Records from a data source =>

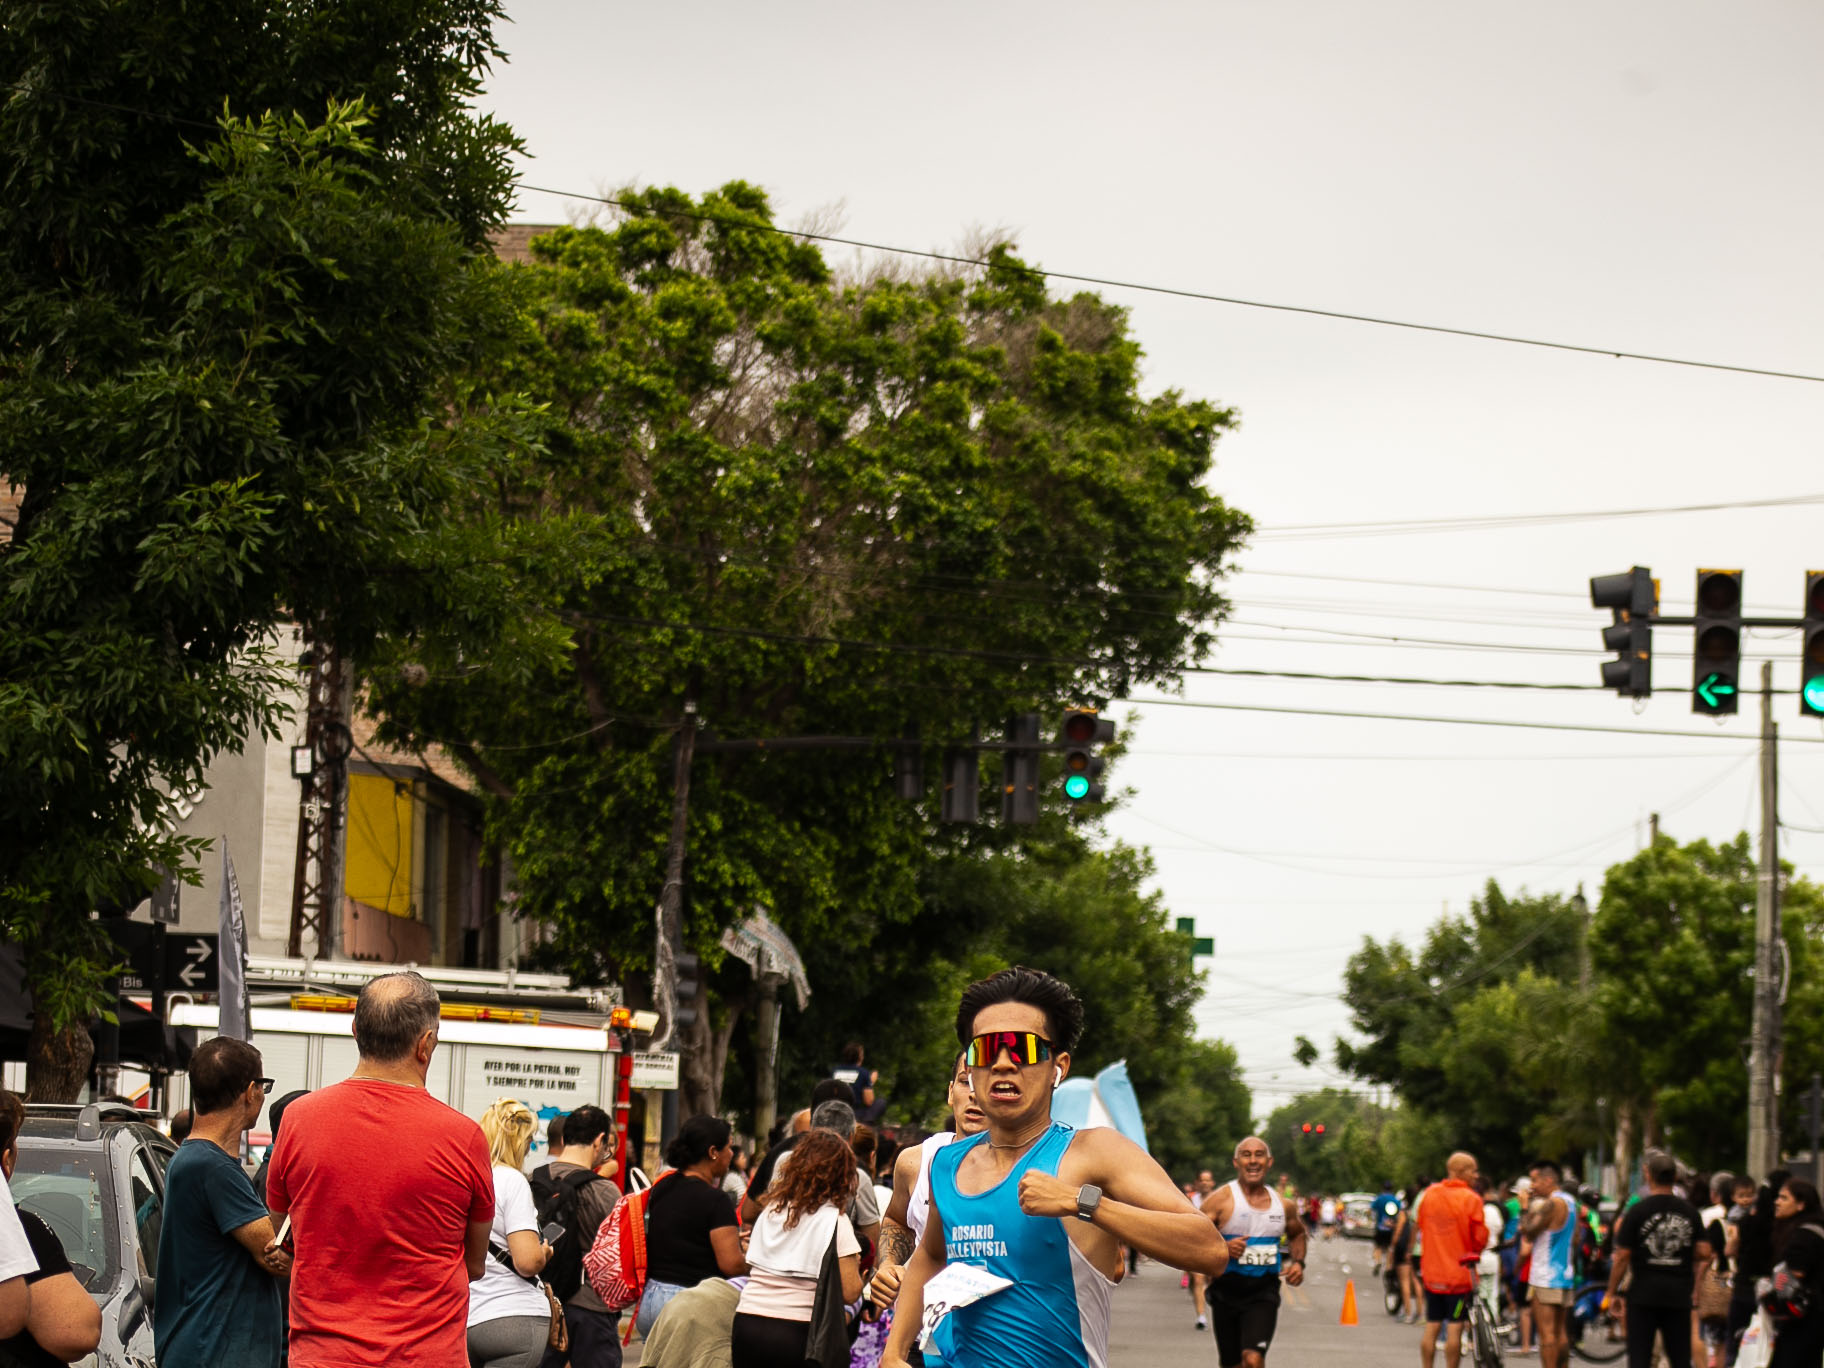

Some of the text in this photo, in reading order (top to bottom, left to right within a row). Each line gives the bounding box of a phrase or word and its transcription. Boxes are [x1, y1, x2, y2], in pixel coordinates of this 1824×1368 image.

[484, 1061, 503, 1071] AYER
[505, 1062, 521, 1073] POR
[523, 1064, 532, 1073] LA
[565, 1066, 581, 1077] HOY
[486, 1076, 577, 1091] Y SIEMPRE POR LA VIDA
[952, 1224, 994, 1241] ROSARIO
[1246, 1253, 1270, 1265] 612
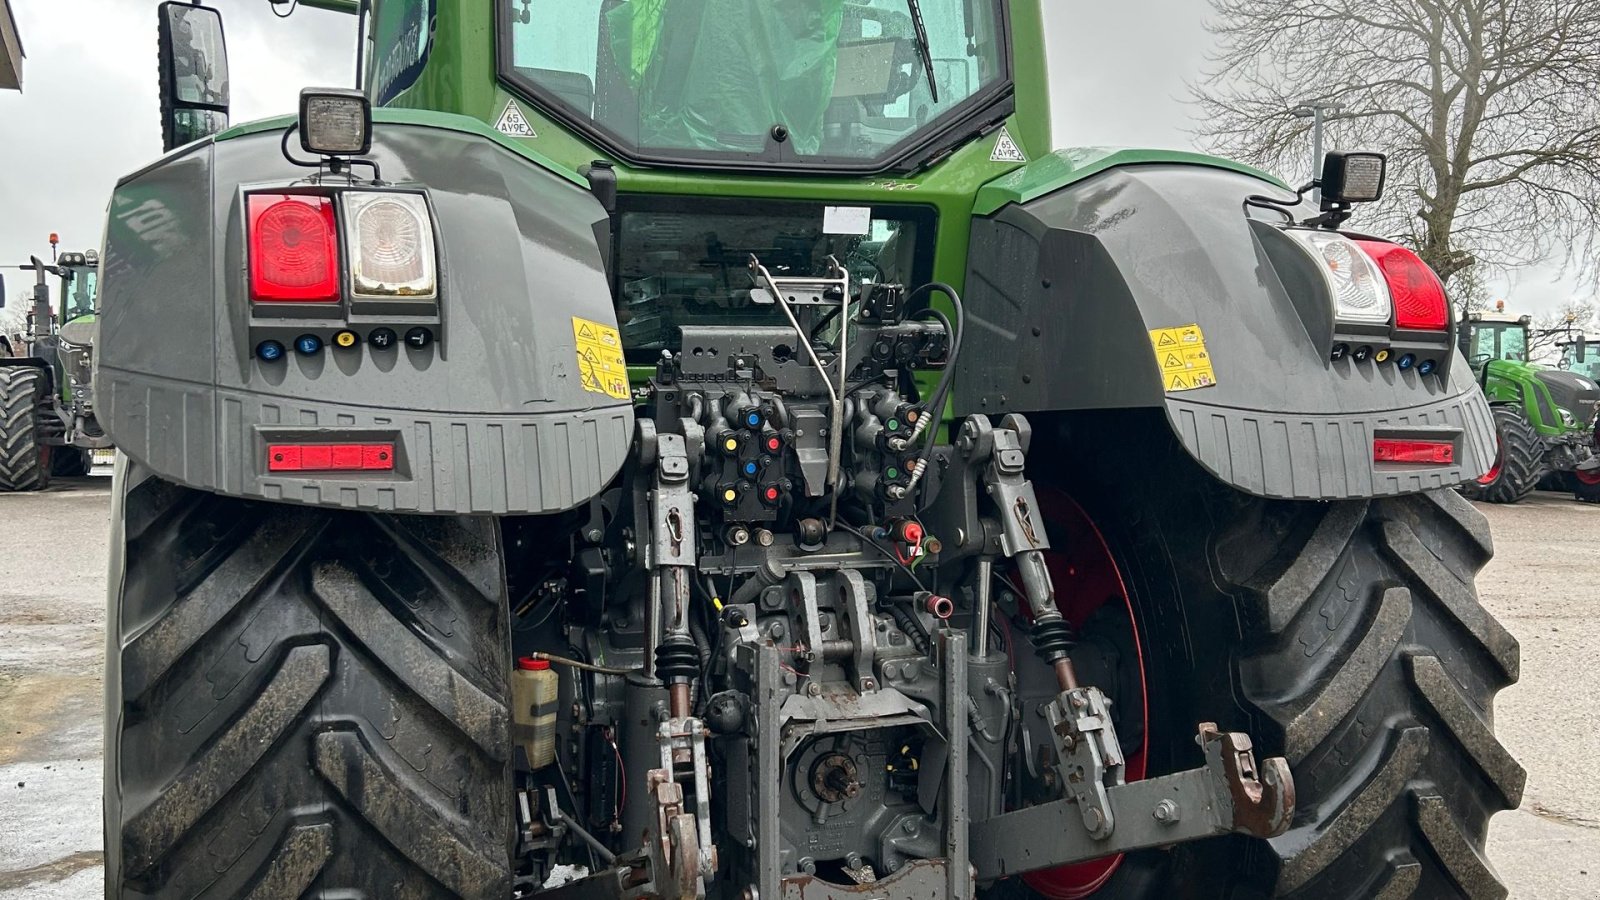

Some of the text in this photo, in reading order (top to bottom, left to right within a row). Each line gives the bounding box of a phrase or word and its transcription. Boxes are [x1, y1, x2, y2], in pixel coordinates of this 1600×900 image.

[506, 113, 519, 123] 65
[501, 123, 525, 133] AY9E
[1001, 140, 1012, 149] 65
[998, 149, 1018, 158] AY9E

Task directions => Skip every image and output the remaining records exactly.

Expected answer =>
Some of the text in this photo, in reading order (top to bottom, left to right within a row). Each line gives the bounding box of a phrase or word and its transcription. Boxes are [x1, y1, x2, y2], in pixel coordinates of this 1824×1368 image.

[484, 1061, 503, 1071] AYER
[505, 1062, 521, 1073] POR
[523, 1064, 532, 1073] LA
[565, 1066, 581, 1077] HOY
[486, 1076, 577, 1091] Y SIEMPRE POR LA VIDA
[952, 1224, 994, 1241] ROSARIO
[1246, 1253, 1270, 1265] 612

Some of the text in this photo, in reading order (top to bottom, left to right within a row). Each line gives the bounding box of a phrase or word and its transcription. Boxes are [x1, y1, x2, y2], in pixel coordinates of this 1600×900 image.

[506, 113, 519, 123] 65
[501, 123, 525, 133] AY9E
[1001, 140, 1012, 149] 65
[998, 149, 1018, 158] AY9E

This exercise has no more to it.